Task input below:
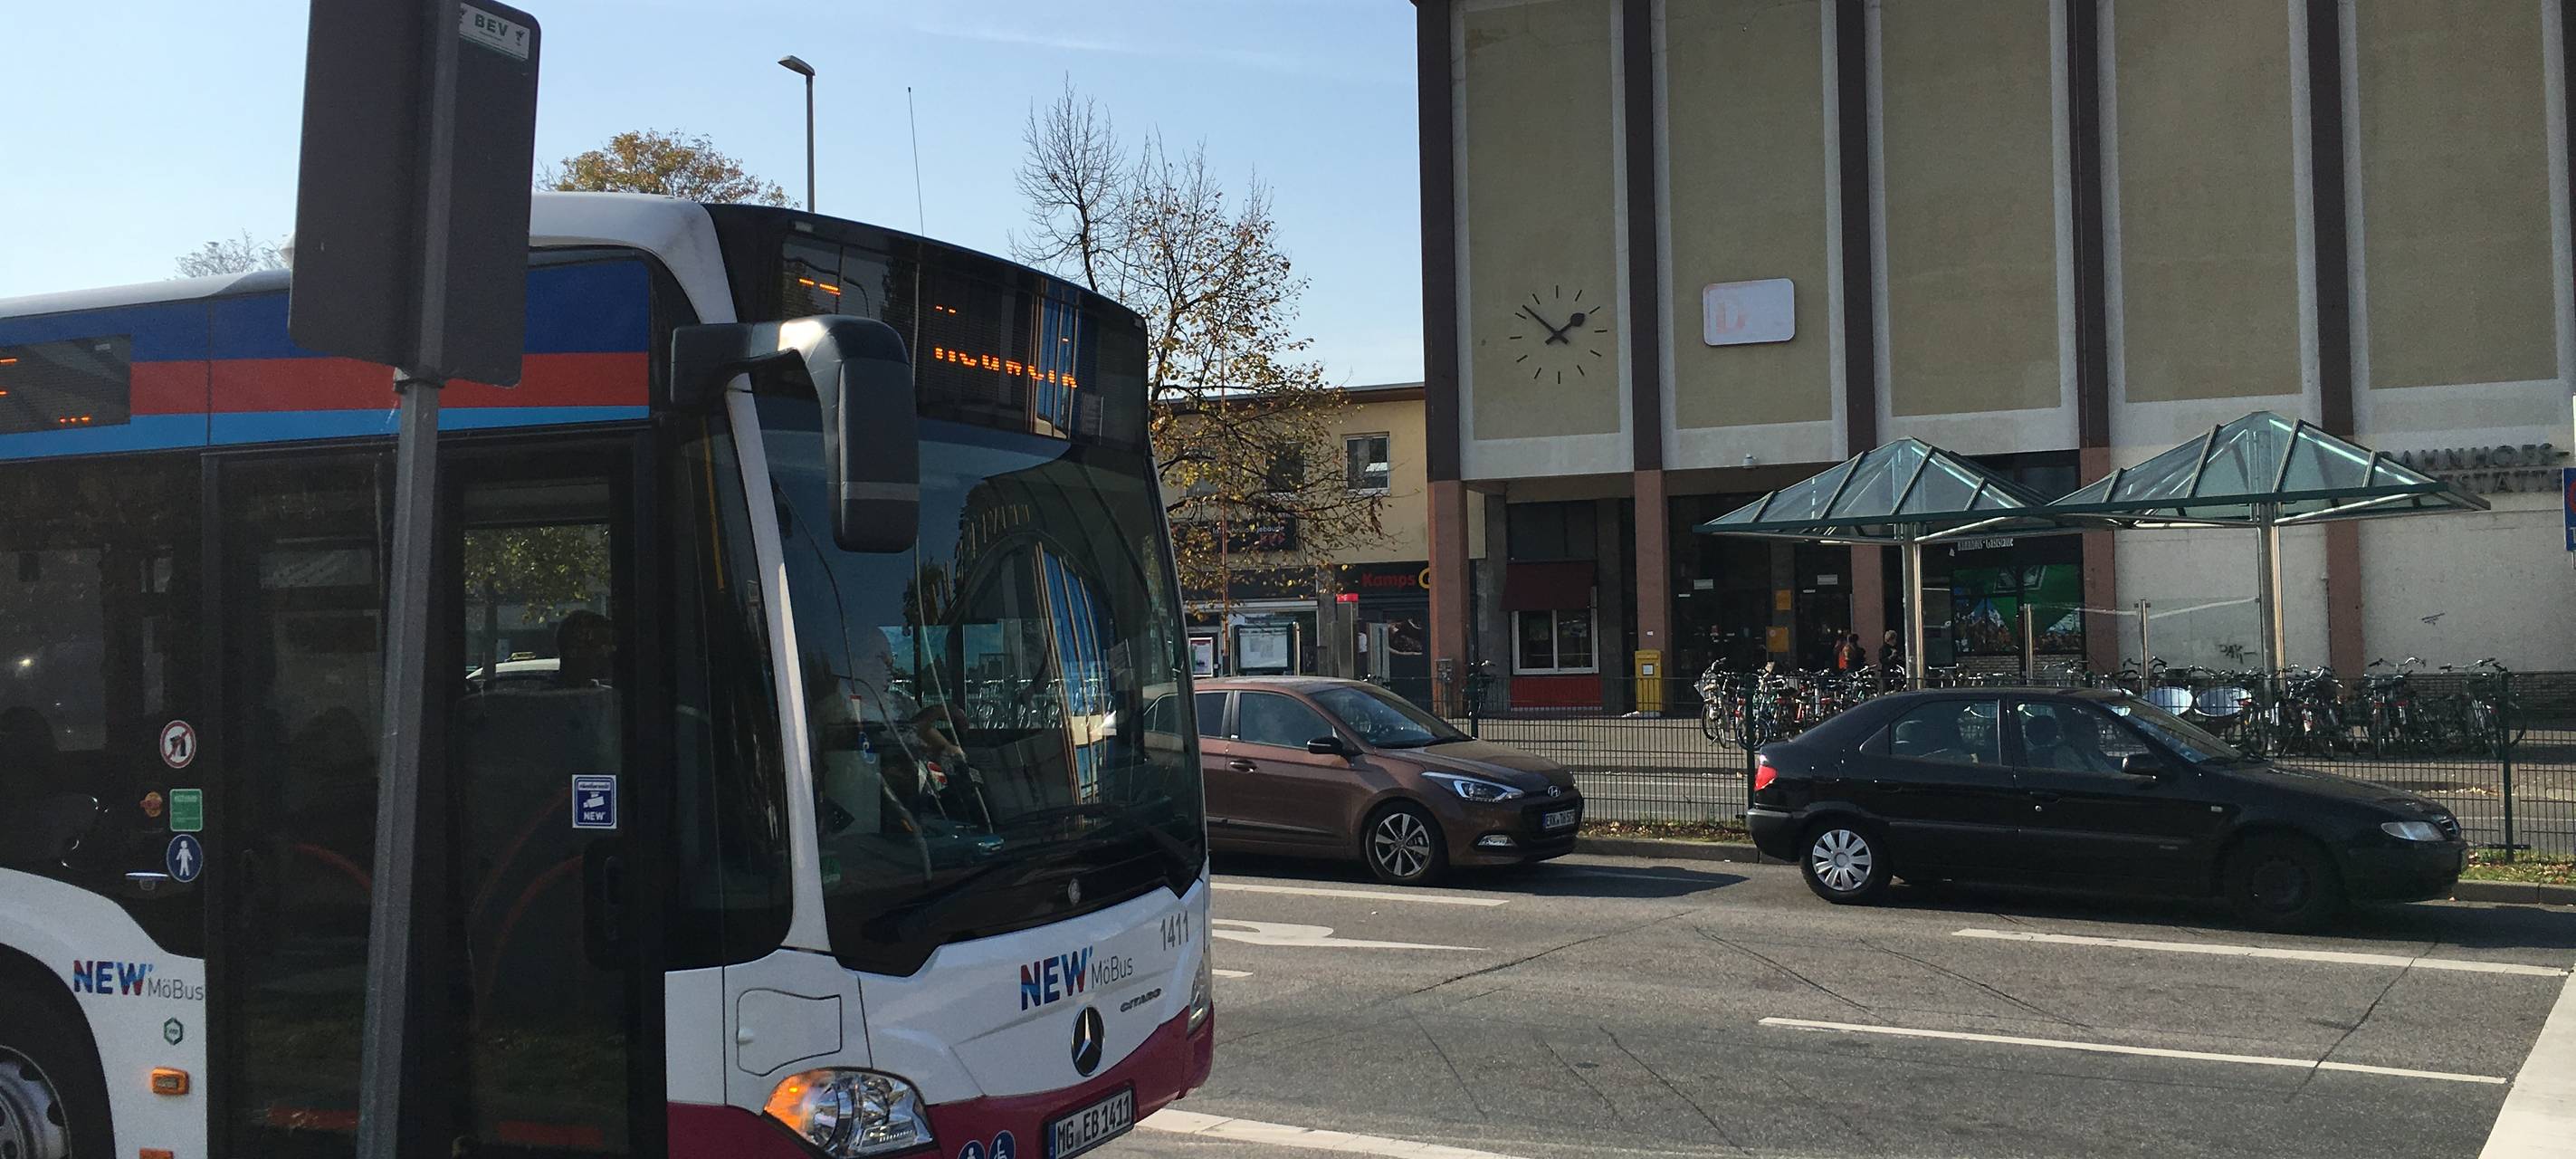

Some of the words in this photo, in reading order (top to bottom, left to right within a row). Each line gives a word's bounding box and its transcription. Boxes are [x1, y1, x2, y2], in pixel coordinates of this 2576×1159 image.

[474, 14, 508, 36] BEV
[1361, 572, 1416, 589] Kamps
[1160, 910, 1189, 951] 1411
[1091, 955, 1133, 989] MöBus
[148, 978, 204, 1001] MöBus
[1057, 1120, 1074, 1154] MG
[1083, 1109, 1099, 1142] EB
[1102, 1095, 1131, 1134] 1411
End of Task input.
> What the exercise asks
This exercise asks for the data above to be given again exactly, without pictures.

> Problem solution
Some of the words in this photo, in reading order (top to bottom, left to right within a row). Each line gives a word's bounding box and its transcription. Boxes are [x1, y1, x2, y2], in pixel coordinates of this 2576×1159 image.

[474, 14, 508, 36] BEV
[1361, 572, 1416, 589] Kamps
[1160, 910, 1189, 951] 1411
[1091, 955, 1133, 989] MöBus
[148, 978, 204, 1001] MöBus
[1057, 1120, 1074, 1154] MG
[1083, 1109, 1099, 1142] EB
[1102, 1095, 1131, 1134] 1411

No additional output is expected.